==== Supplied entries

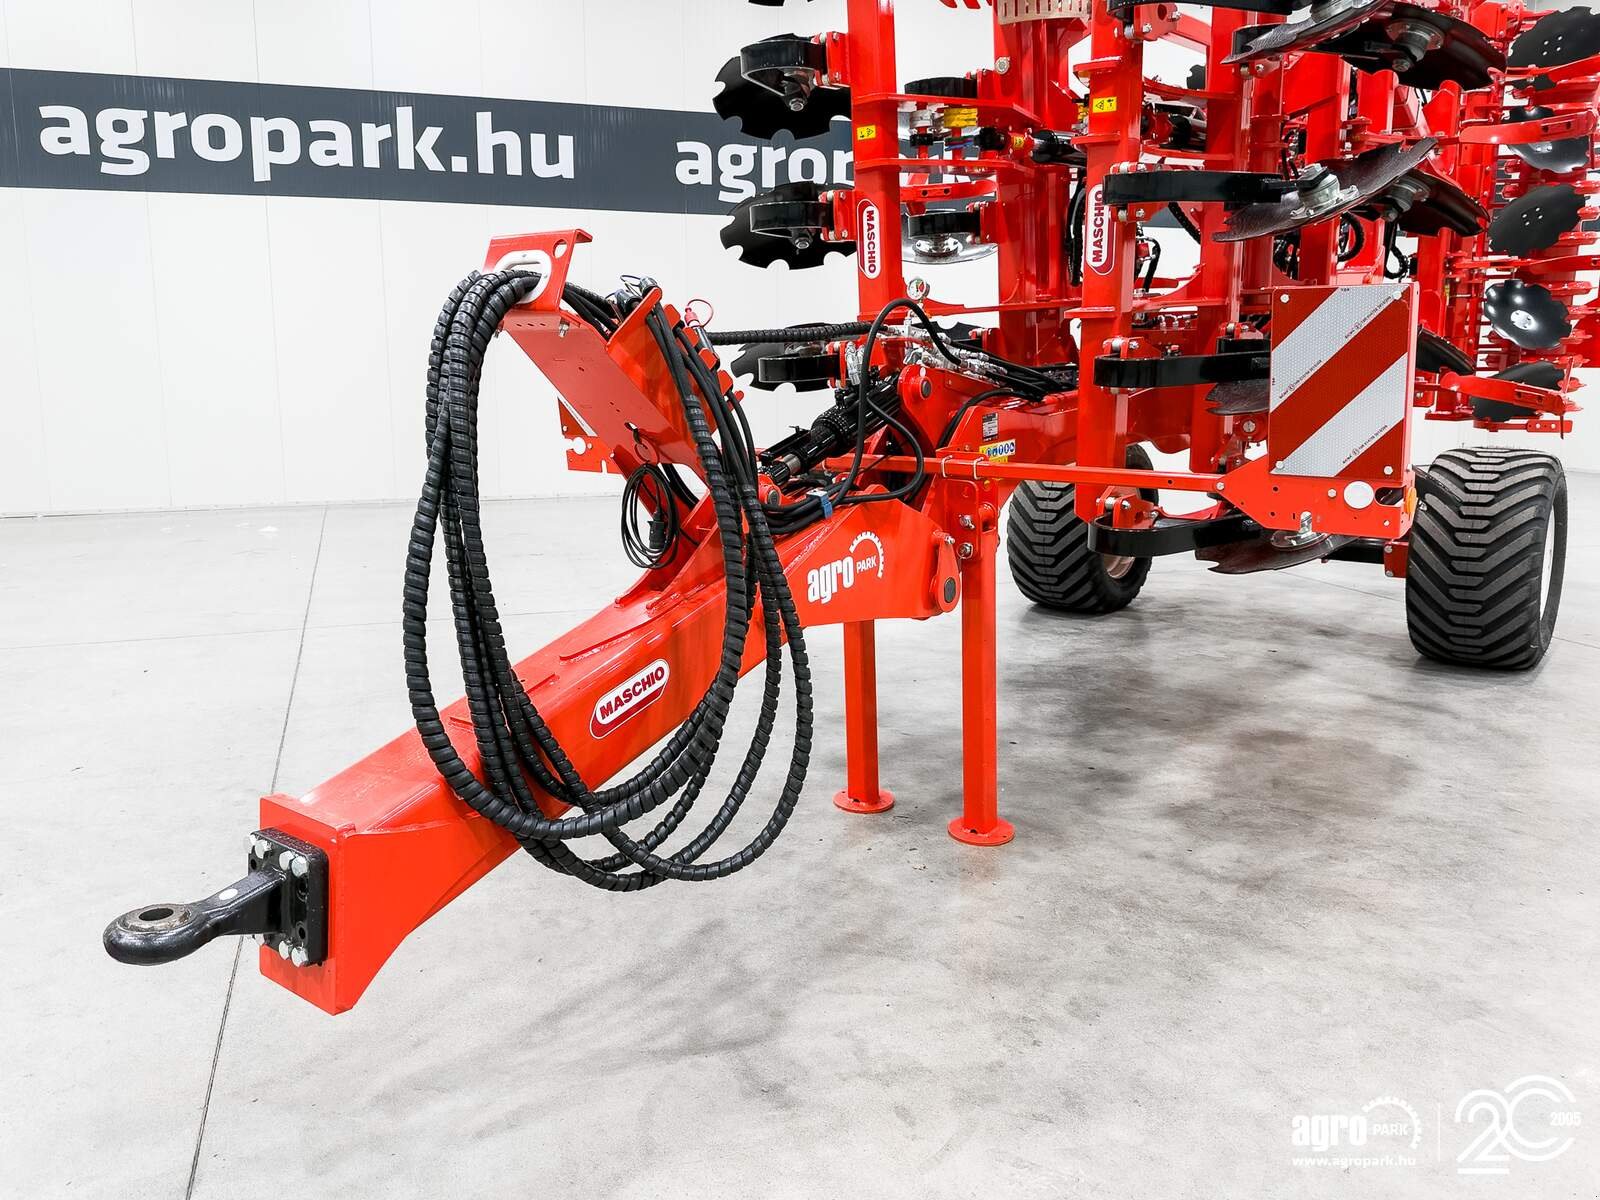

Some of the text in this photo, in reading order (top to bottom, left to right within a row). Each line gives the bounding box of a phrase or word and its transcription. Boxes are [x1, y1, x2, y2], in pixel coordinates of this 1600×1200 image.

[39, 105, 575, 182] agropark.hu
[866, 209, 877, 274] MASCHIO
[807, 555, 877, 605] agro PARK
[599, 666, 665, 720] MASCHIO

========

• **Exercise brief**: Omit the pictures, then print the rest of the listing above exactly.

• **Output of the task**:
Some of the text in this photo, in reading order (top to bottom, left to right within a row). Each line gives the bounding box of a phrase or word and its transcription. Boxes are [x1, y1, x2, y2], in pixel coordinates of this 1600×1200 image.

[39, 105, 575, 182] agropark.hu
[866, 209, 877, 274] MASCHIO
[807, 555, 877, 605] agro PARK
[599, 666, 665, 720] MASCHIO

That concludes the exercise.